FRANKFURT, Germany — The inflation that has squeezed European shoppers fell more than expected in March to 2.4%, as cost spikes in the grocery aisle eased and overall price rises headed down in the two biggest economies, Germany and France.
The annual figure for the 20 countries that use the euro currency came in below the 2.5% predicted by financial markets and brings the European Central Bank ever closer to its inflation goal of 2%.
But analysts say the decline from 2.6% in February, though welcome, would likely not be enough to move up the ECB’s first interest rate cut.
The bank’s rate-setting council meets next week, but the first reduction in borrowing costs is not expected until June despite an economy that’s failing to grow, several analysts said.
Food inflation fell to 2.7% from 3.9%, and energy prices dropped by 1.8%, according to numbers released today by Eurostat, the European Union’s statistics agency. Meanwhile, core inflation, which excludes volatile food and energy costs, eased to 2.9% from 3.1% in February.
Annual inflation fell to 2.3% in Germany from 2.7% the month before and to 2.4% in France from 3.2%. The data from Germany — Europe’s largest economy — “brings some relief for the ECB,” said Carsten Brzeski, global head of macro at ING bank.
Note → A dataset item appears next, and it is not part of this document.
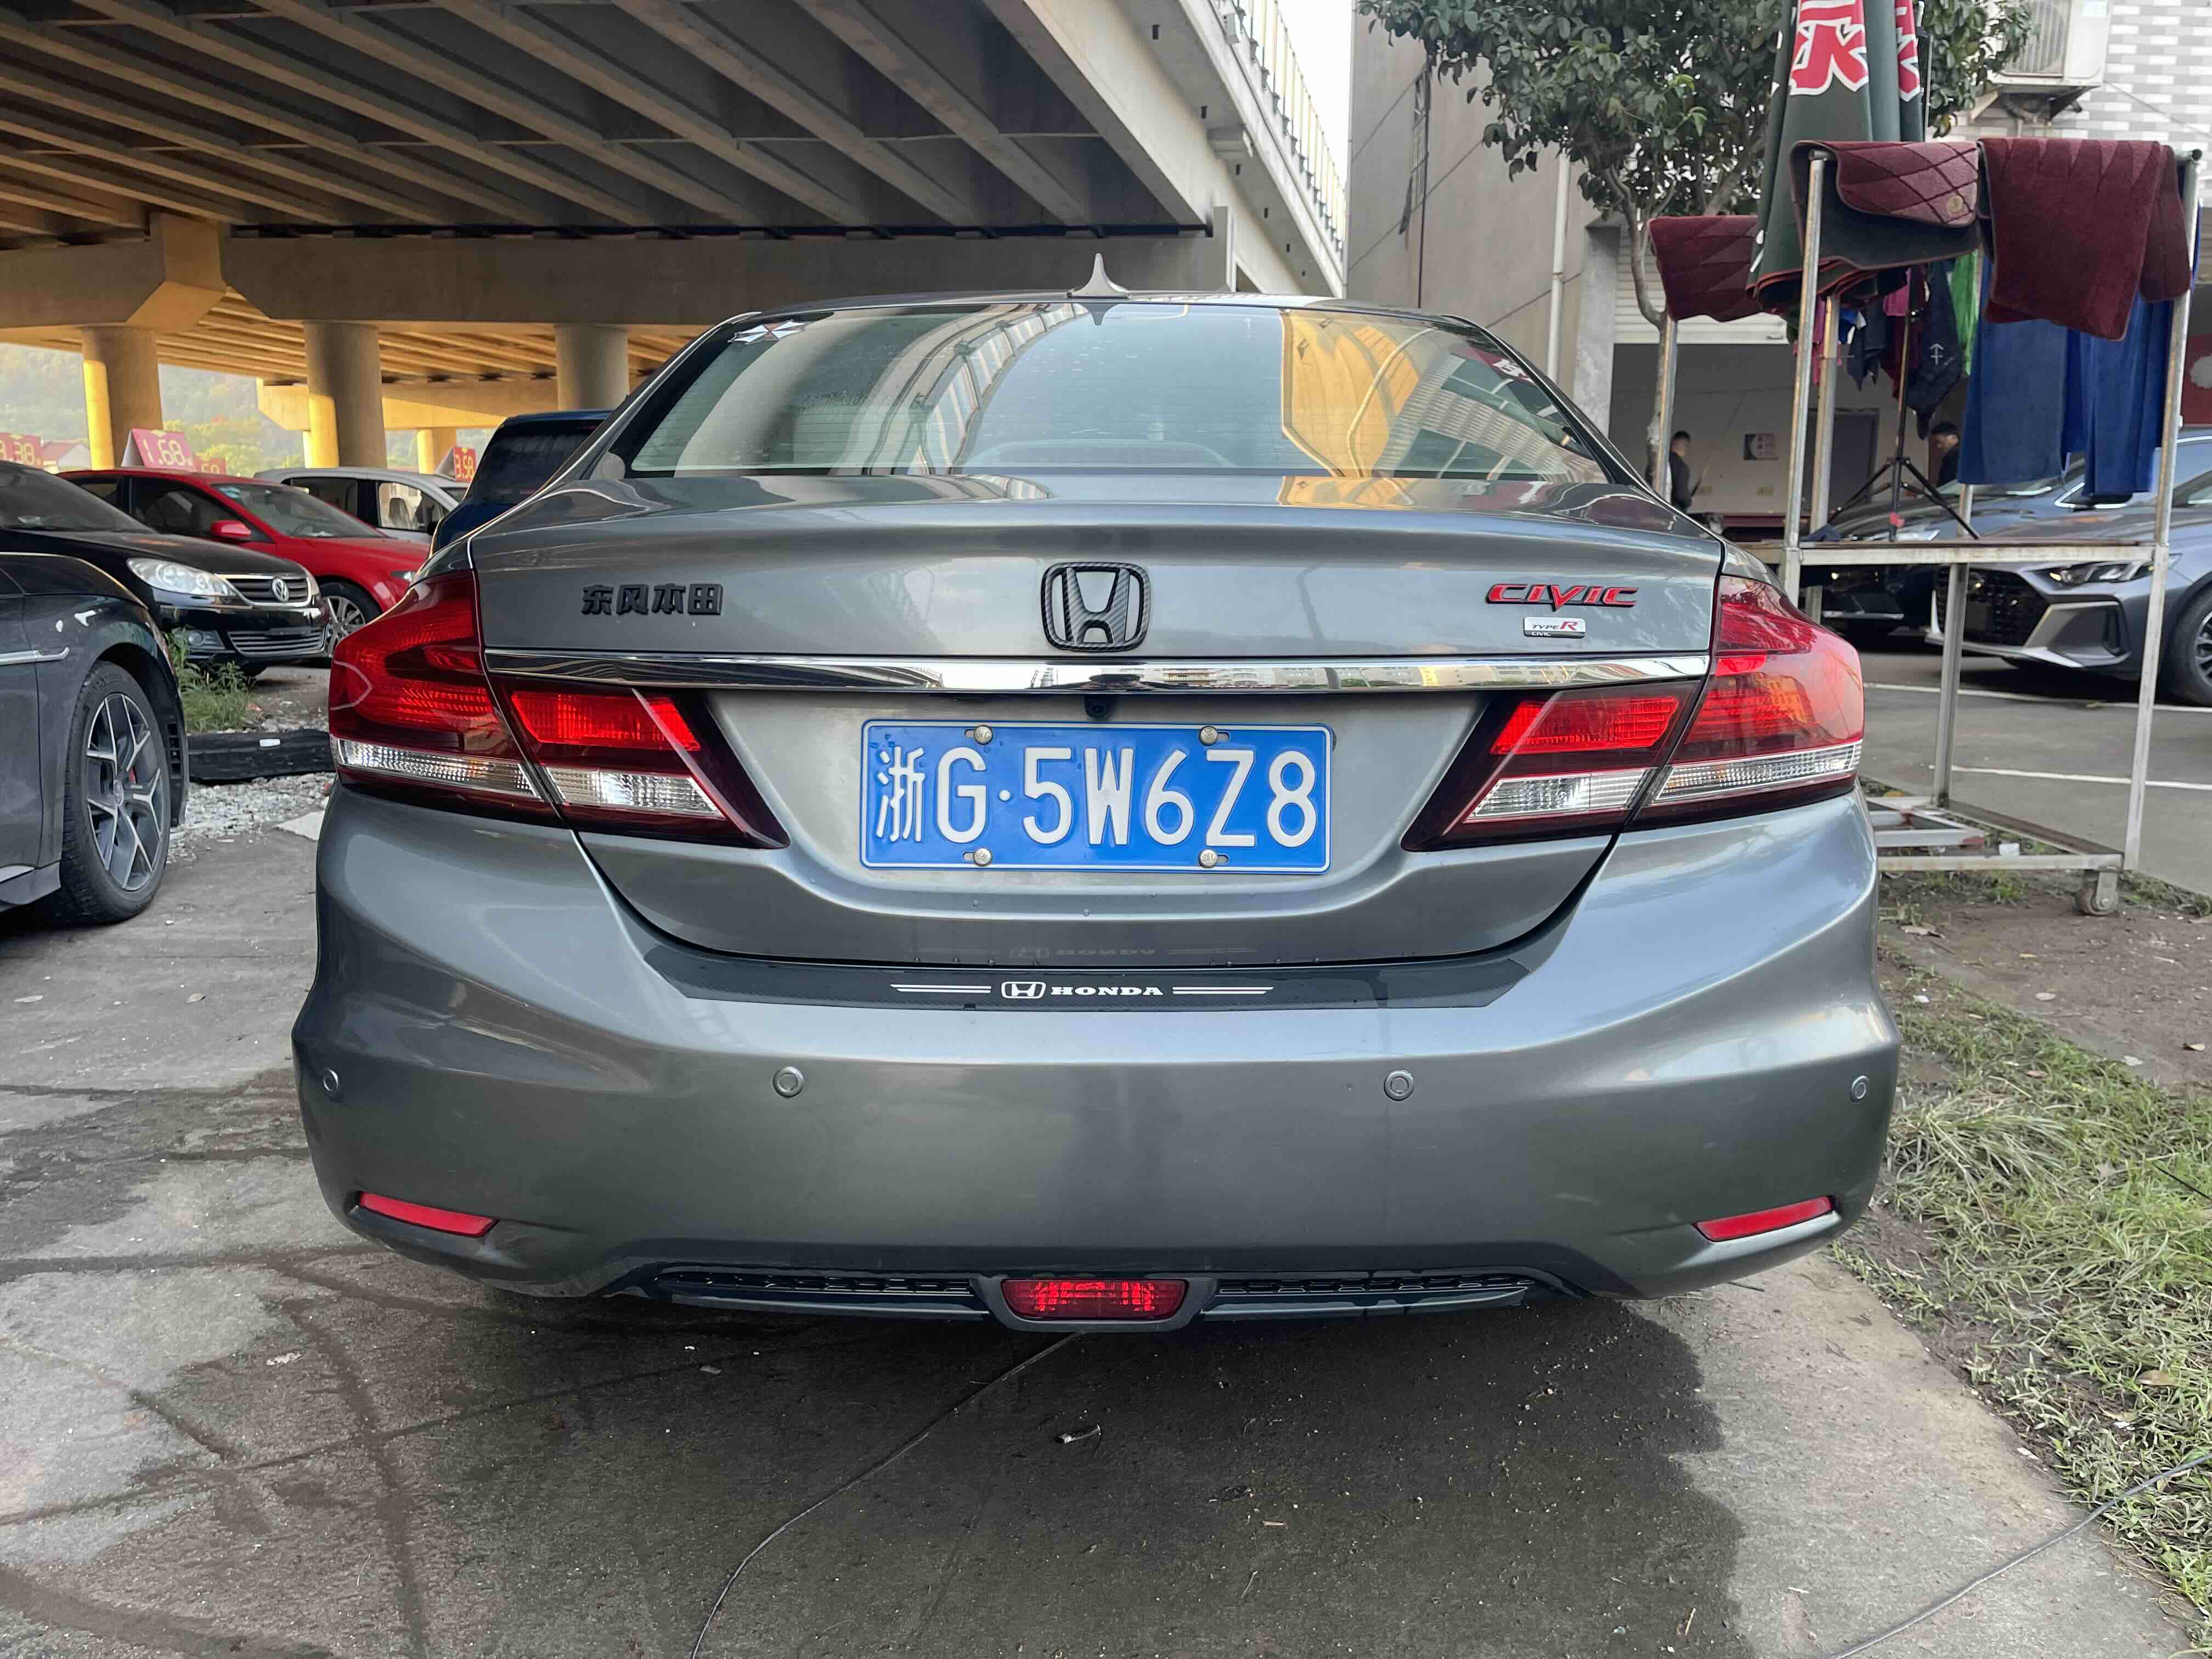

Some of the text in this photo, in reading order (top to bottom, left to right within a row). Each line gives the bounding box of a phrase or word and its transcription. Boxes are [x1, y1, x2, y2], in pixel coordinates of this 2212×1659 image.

[581, 583, 723, 615] 东风本田
[1486, 584, 1638, 612] CIVIC
[876, 746, 1317, 848] 浙G·5W6Z8
[1051, 987, 1163, 995] HONDA
But prices for services, which include everything from movie tickets to medical care, are still high, and ECB officials will want to see the latest numbers on wage increases, analysts say.
“We think the ECB will commence with rate cuts in June,” said Rory Fennessy, senior economist at Oxford Economics. “While core inflation eased, the stubbornness of services inflation and the desire for the ECB for more wage data makes an April rate cut unlikely.”
The U.S. Federal Reserve also is expected to cut rates later this year. Fed officials have penciled in three rate cuts, even as the decline in inflation there has slowed.
In Europe, inflation spiked to an record high of 10.6% in October 2022 after Russia cut off most of its natural gas to the continent over the war in Ukraine, sending energy prices skyrocketing and driving a cost-of-living crisis.
Along with losing that affordable supply of gas needed to heat homes, generate electricity and power factories, the rebound from the pandemic also strained supply chains, helping push up inflation.
Those price pressures have eased, but now workers are pressing for higher pay to make up for lost purchasing power. That has slowed the decline in inflation and left the ECB wary of cutting interest rates too soon.
The ECB rapidly raised its key rate from minus 0.5% to a record-high 4% between July 2022 and September 2023. Raising interest rates fights inflation by making credit to buy things more expensive, driving down spending and easing pressure on prices.
But rate hikes also can hinder economic growth, and the focus has now has turned to when the ECB will declare victory over inflation and start cutting rates to support the stalled economy. The slowdown came as inflation drained consumers’ pocketbooks of purchasing power and rate hikes kicked in.
The eurozone economy didn’t grow in the last three months of 2023, and figures for the first three months of this year are due April 30.